Ankunft der «Calanda» in Lissabon im Mai 1942. Bild: Wikimedia / Schweizerische Nationalbibliothek

Die Schweiz auf hoher See

Obwohl die Schweiz ein Binnenland ist, hat sie eine Hochseeflotte. Die Schiffe tragen Namen wie «Helvetia», «Romandie» oder «Lugano». Versorgungsengpässe in den Weltkriegen trieben die Eidgenossen auf die Weltmeere.

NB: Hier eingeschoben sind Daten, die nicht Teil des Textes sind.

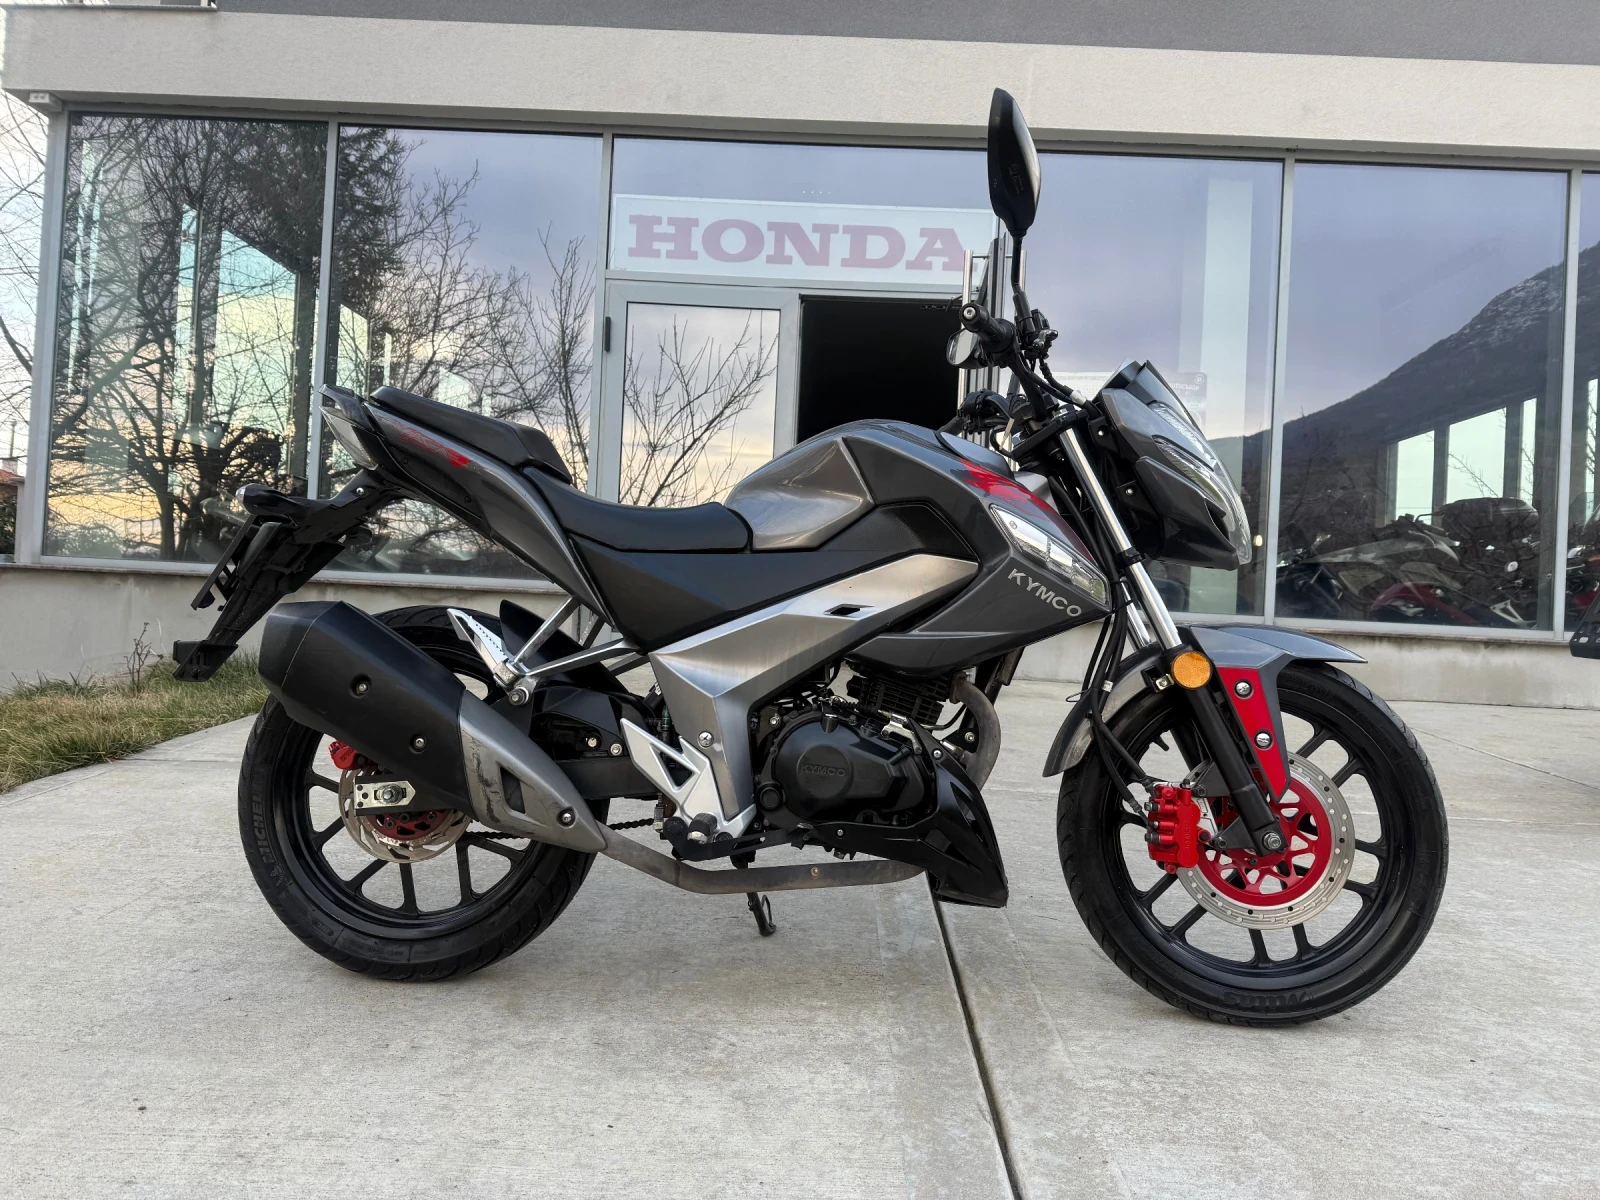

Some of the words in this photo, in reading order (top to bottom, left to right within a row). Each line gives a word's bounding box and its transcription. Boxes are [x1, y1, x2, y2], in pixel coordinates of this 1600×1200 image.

[627, 214, 978, 273] HONDA
[1007, 568, 1082, 617] KYMCO
[800, 763, 846, 777] KYMCO

Jean-Luc Rickenbacher / Schweizerisches Nationalmuseum



Im 19. Jahrhundert unterhielt die Schweiz keine eigenen Hochseeschiffe. Einzelne Schweizer Kaufleute und Handelsgesellschaften besassen Segel- und Dampfschiffe, die unter der Flagge anderer Nationen verkehrten und zum Teil auch die Schweizerflagge hissten. Während des Ersten Weltkriegs war die Schweiz ab 1915 vollständig von kriegführenden Staaten umgeben und die prekäre Versorgungslage verschärfte sich. Das Fehlen einer eigenen Hochseeflotte wurde spürbar. Bei unterbrochenen Versorgungswegen in Europa mussten die Waren zunehmend aus Übersee importiert werden.

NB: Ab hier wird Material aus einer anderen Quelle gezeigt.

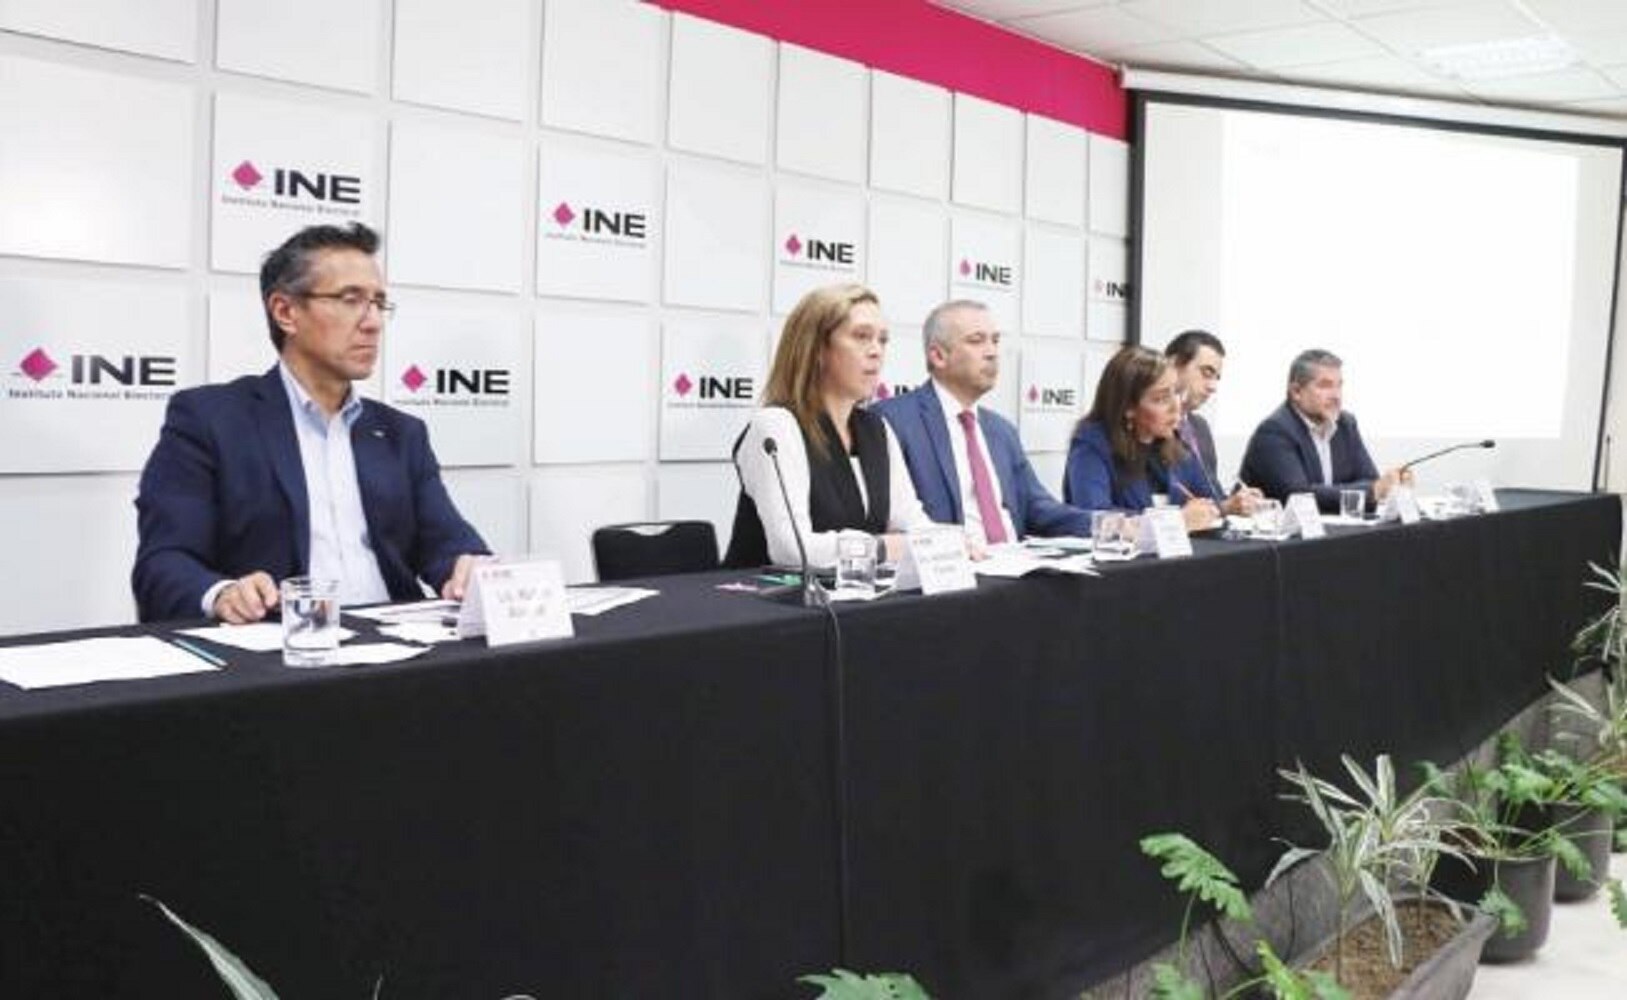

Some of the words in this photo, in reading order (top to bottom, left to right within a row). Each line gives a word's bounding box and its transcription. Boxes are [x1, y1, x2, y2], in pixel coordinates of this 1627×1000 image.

Doch Frachtraum war knapp und teuer. Gleichzeitig rief die deutsche Kriegsmarine 1917 den uneingeschränkten U-Boot-Krieg aus und drohte auch Handelsschiffe zu zerstören. Die im März 1917 von der Schweizer Regierung gegründete Zentralstelle für auswärtige Transporte sollte sich der Import- und Exportprobleme annehmen. Demzufolge charterte die Schweiz Frachtraum auf amerikanischen Schiffen. Später jedoch platzte der Vertrag aufgrund des Kriegseintritts der USA. Angesichts der zugespitzten Versorgungslage gründete die Schweiz Anfang 1918 eine «Seetransportunion». Diese sah vor, eine Flotte von 28 Schiffen von einer belgischen Reederei zu mieten. Doch der Krieg war zu Ende, bevor die Schiffe zum Einsatz kamen.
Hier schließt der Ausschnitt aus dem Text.